Neulich in einem Leipziger Baumarkt: eine Zwergtomate der Sorte „Balkontomate F1“. Gut zu erkennen ist der zwergenhafte Wuchs sowie die typischen gekräuselten Blätter.


Im letzten Herbst, als ich darüber nachgedacht habe, was ich gerne nächstes Jahr zusammen mit den Gärtnern aus unserem Gemeinschaftsgarten Querbeet kultivieren möchte, bin ich über die Zwerg-Tomaten gestolpert. Diese haben mich sofort fasziniert. Tomaten wachsen normalerweise unbegrenzt oder werden zumindest sehr groß und erfordern eine Stütze sowie das „Ausgeizen“ der Seitentriebe, um ihr wildes Wachstum im Garten zu kontrollieren. Tomaten sind also schon etwas aufwendiger zu kultivieren und müssen gewissermaßen gebändigt (eben kultiviert) werden. Wieso also nicht gleich eine Sorte züchten, die schon durch ihre genetische Ausstattung gebändigt ist? Die Zwerg-Tomaten-Sorten stellen die züchterisch-genetische Antwort auf diese Frage dar. Zwerg-Tomaten sind klein und platzsparend, müssen nicht ausgegeizt und angebunden werden. Zwerg-Tomaten sind sozusagen die Chihuahuas unter den Tomaten.

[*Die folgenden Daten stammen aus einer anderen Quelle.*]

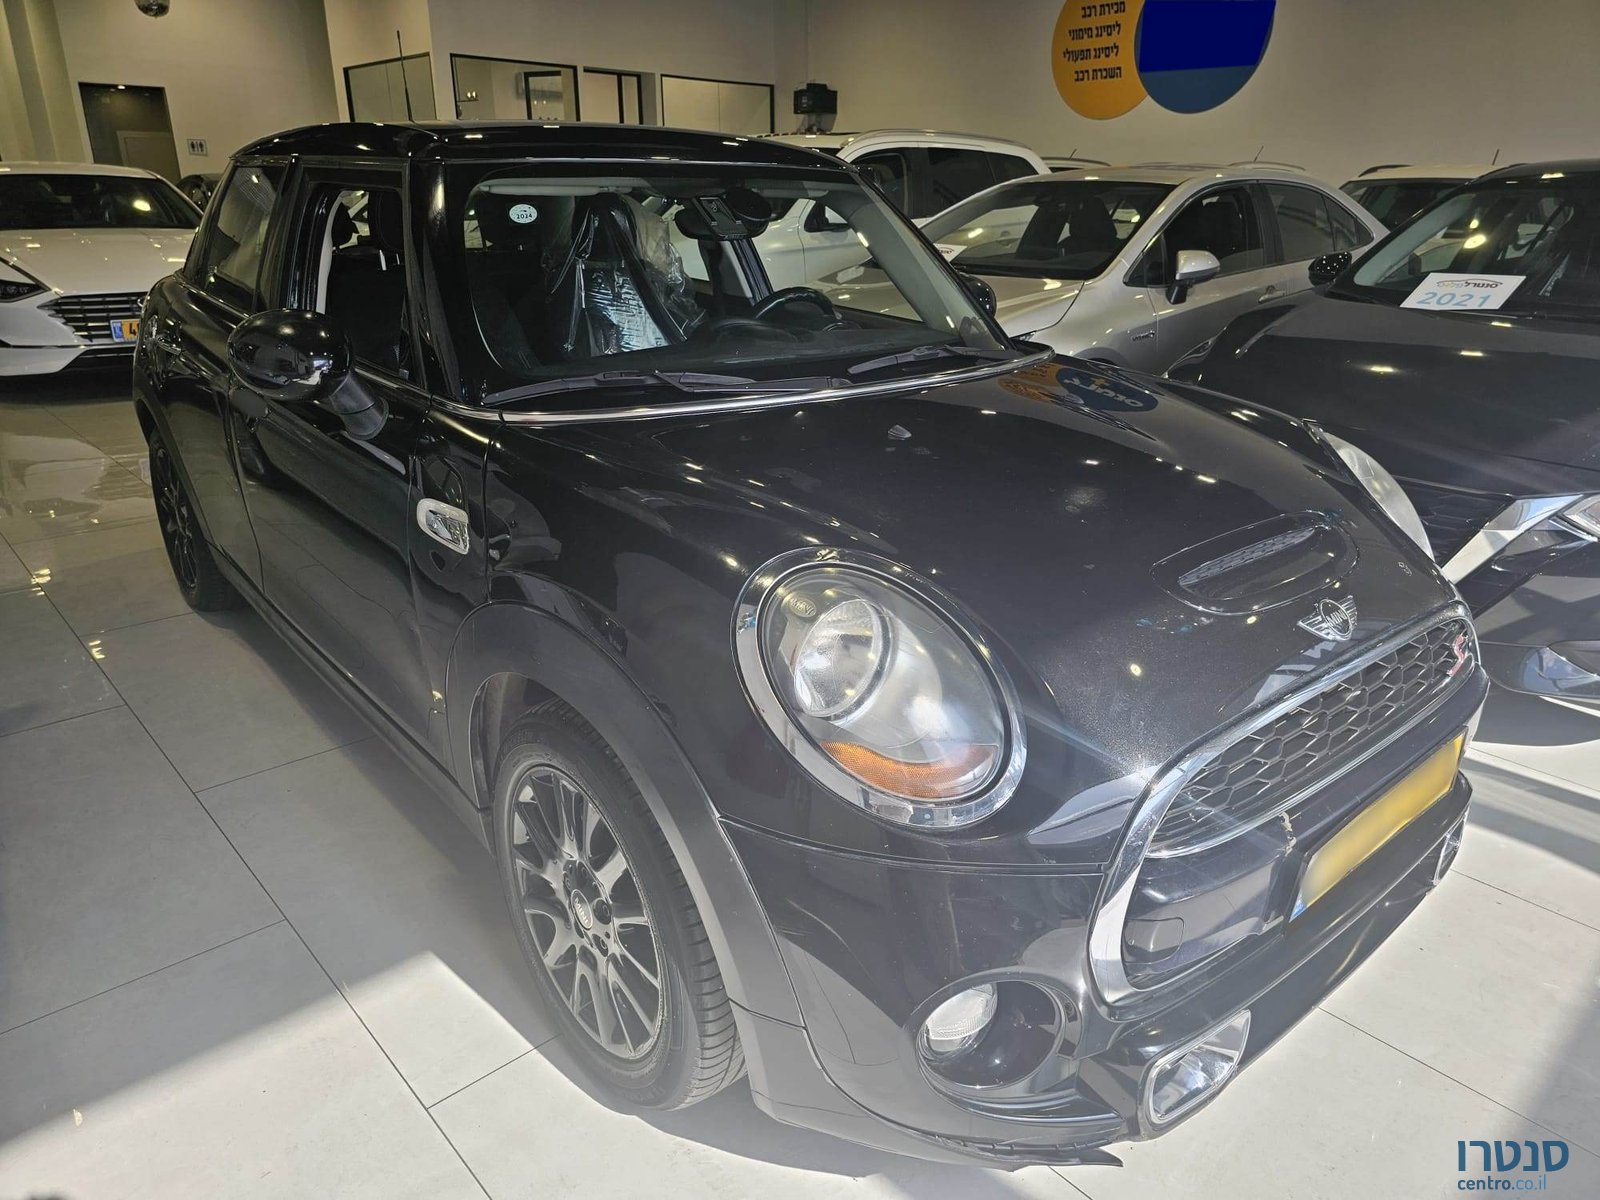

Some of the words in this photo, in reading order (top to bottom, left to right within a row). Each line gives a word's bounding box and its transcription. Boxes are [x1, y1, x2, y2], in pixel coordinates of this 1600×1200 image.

[1081, 4, 1097, 18] רכב
[1099, 1, 1126, 16] מכירת
[1068, 26, 1093, 41] מימוני
[1095, 21, 1121, 38] ליסינג
[1063, 47, 1091, 63] תפעולי
[1093, 42, 1119, 59] ליסינג
[1074, 69, 1090, 82] רכב
[1092, 66, 1122, 80] השכרת
[1416, 291, 1491, 307] 2021
[1326, 609, 1348, 627] MINI
[574, 897, 589, 924] MINI

Craig LeHoullier, ein Tomaten-Experte aus North Carolina, berichtet in einem Interview, dass schon in den 1860ern die erste Zwerg-Tomatensorte von Frankreich in die USA gebracht wurde. Sie hatte den Namen „Chateau de Laye“. Auch in einem Saatgutkatalog von 1915 tauchte schon eine Zwergtomate mit dem Namen „New Big Dwarf“ auf. Allerdings gab es keine besondere Vielfalt an verschiedenen Zwergsorten, was Fruchtfarbe, Fruchtform und Größe anging. Deshalb hat Craig zusammen mit der australischen Züchterin Patrina Nuske Small das sogenannte Dwarf Tomato Project ins Leben gerufen.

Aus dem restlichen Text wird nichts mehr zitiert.